In a related project, cell impermeant fluorogens have been used by the Frizzell group to quantify F508del rescue by a panel of CFTR correctors and their impact on the PM stability of WT and F508del CFTR (i.e. recycling vs. degradation). The Assays Core is implementing the FAP technology for the CFTR2 project (www.CFTR2.org), to determine corrector rescue efficacy and cell surface stability of CFTR2 mutants using CFFT panel correctors (www.cftrfolding.org). Our CMU colleagues, who continue to evolve fluorogen-FAP chemistry, have established a new company, Sharp Edge Labs, which performs CFTR corrector assays for biotech companies based on our work (http://www.sharpedgelabs.com/). In fact, they are under contract with several biotech firms for secondary CFTR drug screens.
Bench-to-bedside: Our contribution to the development of Ivacaftor and Lumacaftor resulted from the membership of Dr. Frizzell on the CFFT-Vertex Collaborative Committee and his inclusion in the authorship of the associated publications. In addition, the P30 Human Airway Cells Core provided HBE cells to Vertex, facilitating their analysis of Ivacaftor in HBE cells with a G551D/F508del genotype. Similarly, pre-clinical mechanism of action studies were performed by the Thibodeau and Brodsky groups using Core supported assays, methodologies and reagents.
Apical CFTR/ENaC trafficking and activity (Butterworth, Carattino, Frizzell, Kleyman, Hughey, Myerburg, Pilewski, Swiatecka-Urban, Thibodeau): This group focuses on the apical plasma membrane domain, on CFTR and ENaC trafficking, and the protein interactions that determine apical channel density, internalization and apical recycling vs. degradation. For example, their work has elucidated the regulation of apical ENaC activity by proteases and has determined high intracellular sodium concentration inhibits ENaC subunit maturation during biogenesis. Regulatory processes and protein interactions that determine apical CFTR and ENaC channel number and activity are therapeutic targets in CF disease. Notably, the secretion of proteases by bacteria, such as P. aeruginosa and M. abscessus, which inhabit CF airways, were shown by this group to contribute to excess Na absorption and reduced ASL volume, providing a rationale for protease inhibitors as therapeutics. Despite these publications appearing during the prior P30 period, there is continued interest in this work, reflected by an invitation to Dr. Thibodeau from the 2017 North American CF Conference to deliver a symposium talk on this topic. This group benefits from the assays and materials (proteins, viral vectors, and functional assays) provided by Core B, from the generation of primary cultures by Core A, which encourage collaborations with outside academic labs and bacterial cloning (Core C).

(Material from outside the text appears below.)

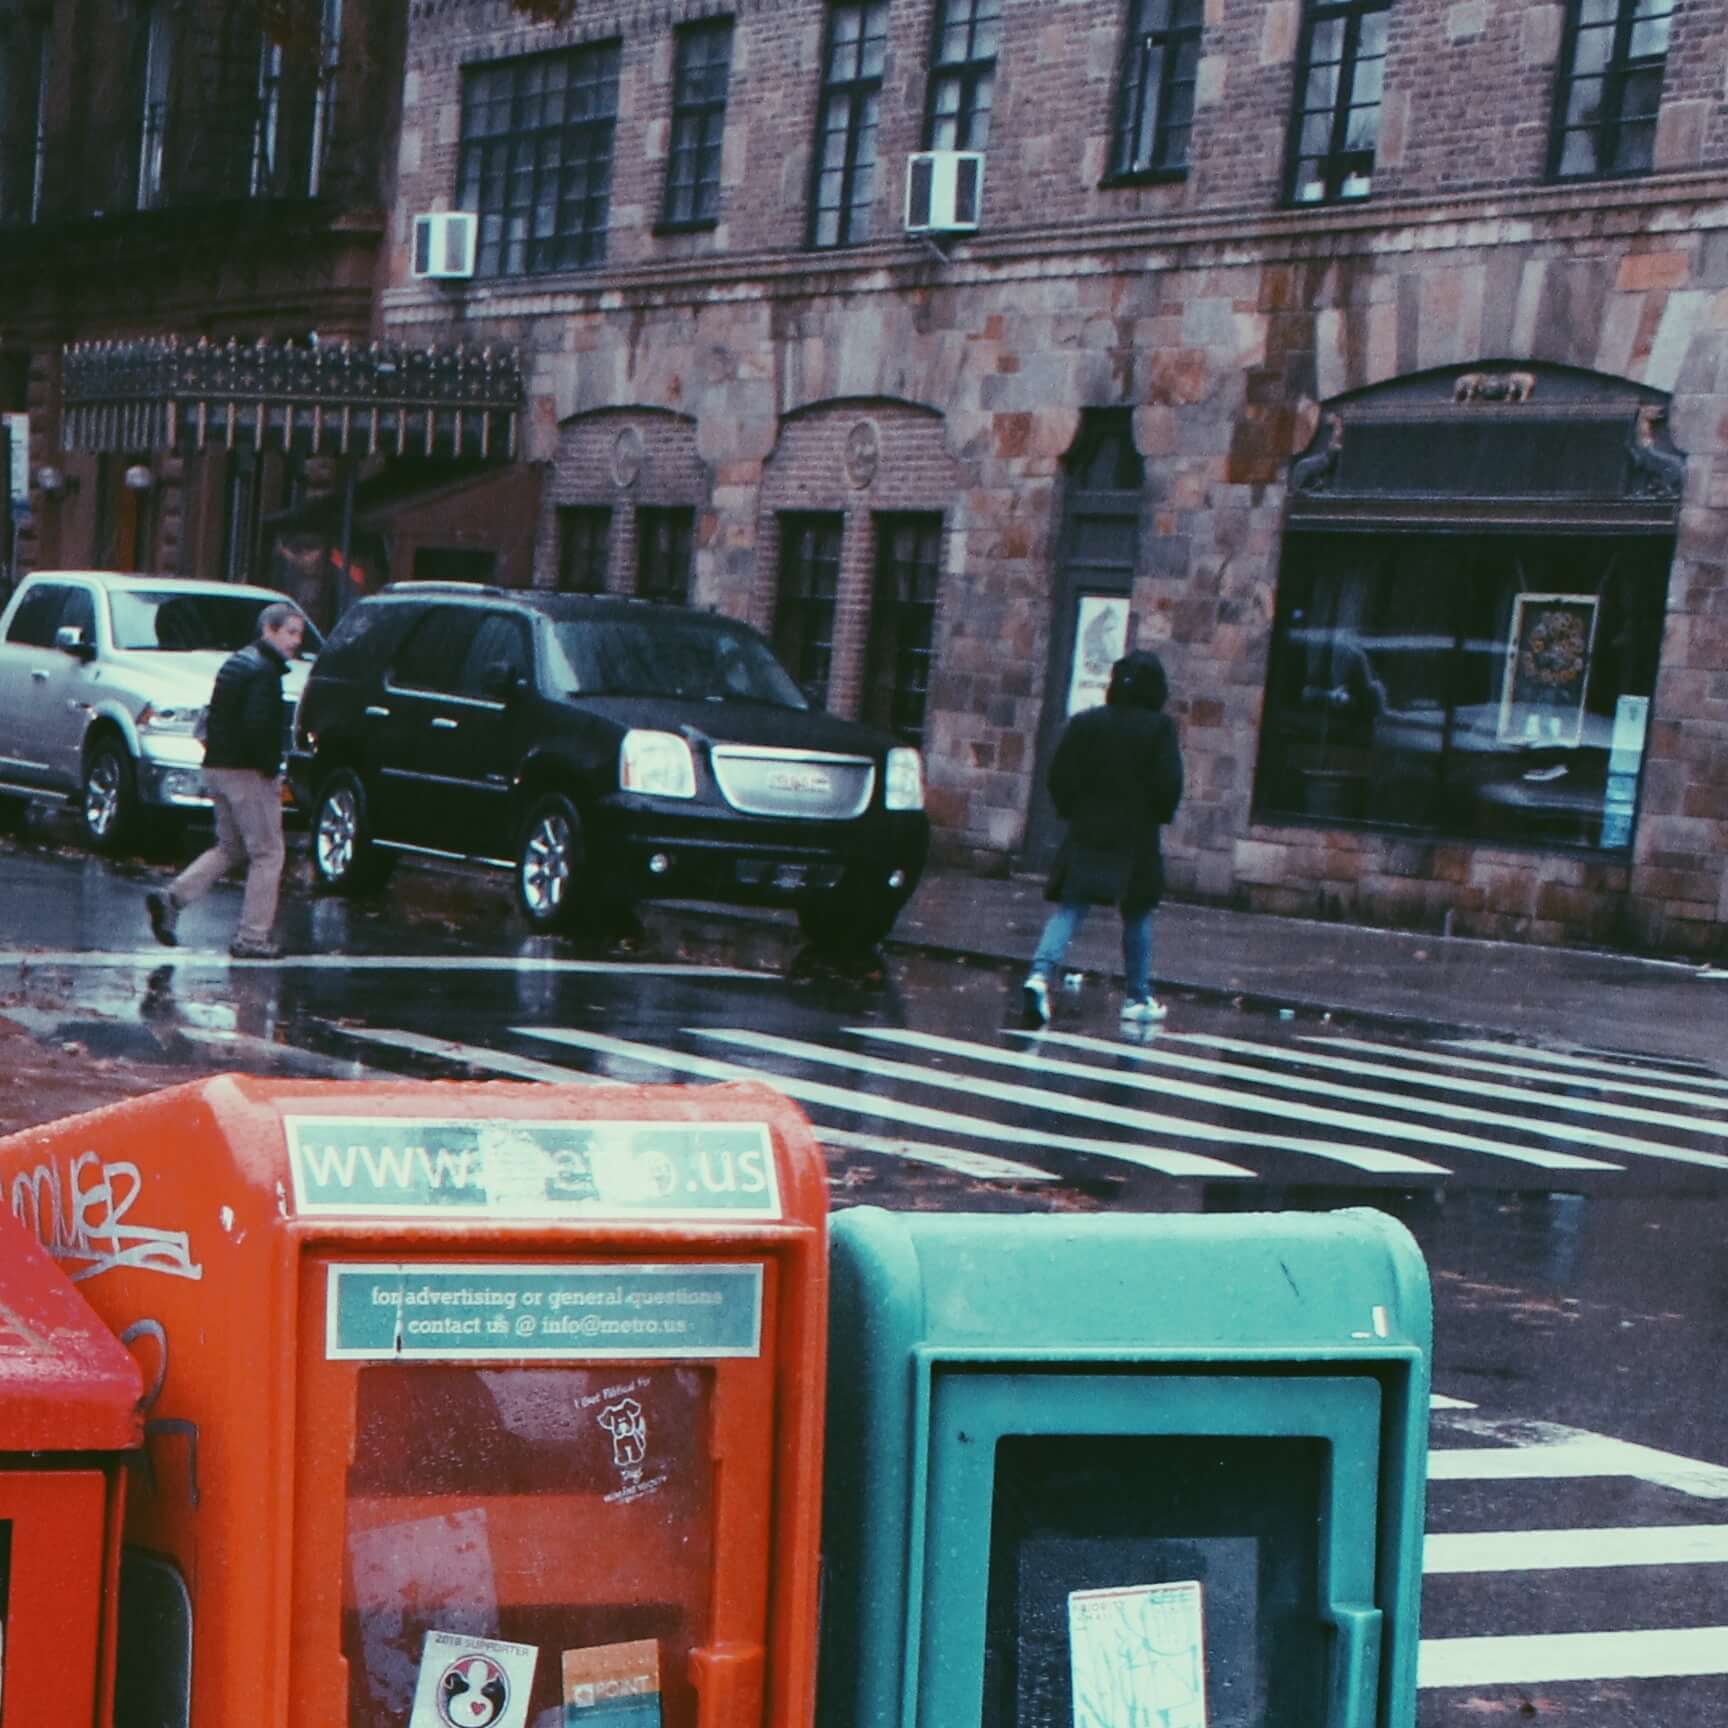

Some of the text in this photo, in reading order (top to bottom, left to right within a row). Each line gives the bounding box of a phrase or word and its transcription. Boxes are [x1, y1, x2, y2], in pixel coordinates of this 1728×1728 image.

ENaC polymorphisms modify F508del disease severity (Kleyman, Sheng): Homozygous F508del CF patients who survive longer than predicted for this genotype, with minimal lung function impairment over more than 20 years, underwent whole genome sequencing. Four of the five individuals carried extremely rare or never reported variants in the SCNN1D and SCNN1B genes of ENaC (channel subunits delta and beta). An enriched rare variant in SCNN1D was identified in the exome variant server database associated with a milder pulmonary disease phenotype. Functional analyses by the Kleyman group revealed two of the three variants encoding delta-ENaC exhibited hypomorphic channel activity. These results suggest a potential role of delta ENaC in control of sodium reabsorption in the airways, and underscore the potential for ENaC as a therapeutic target in CF.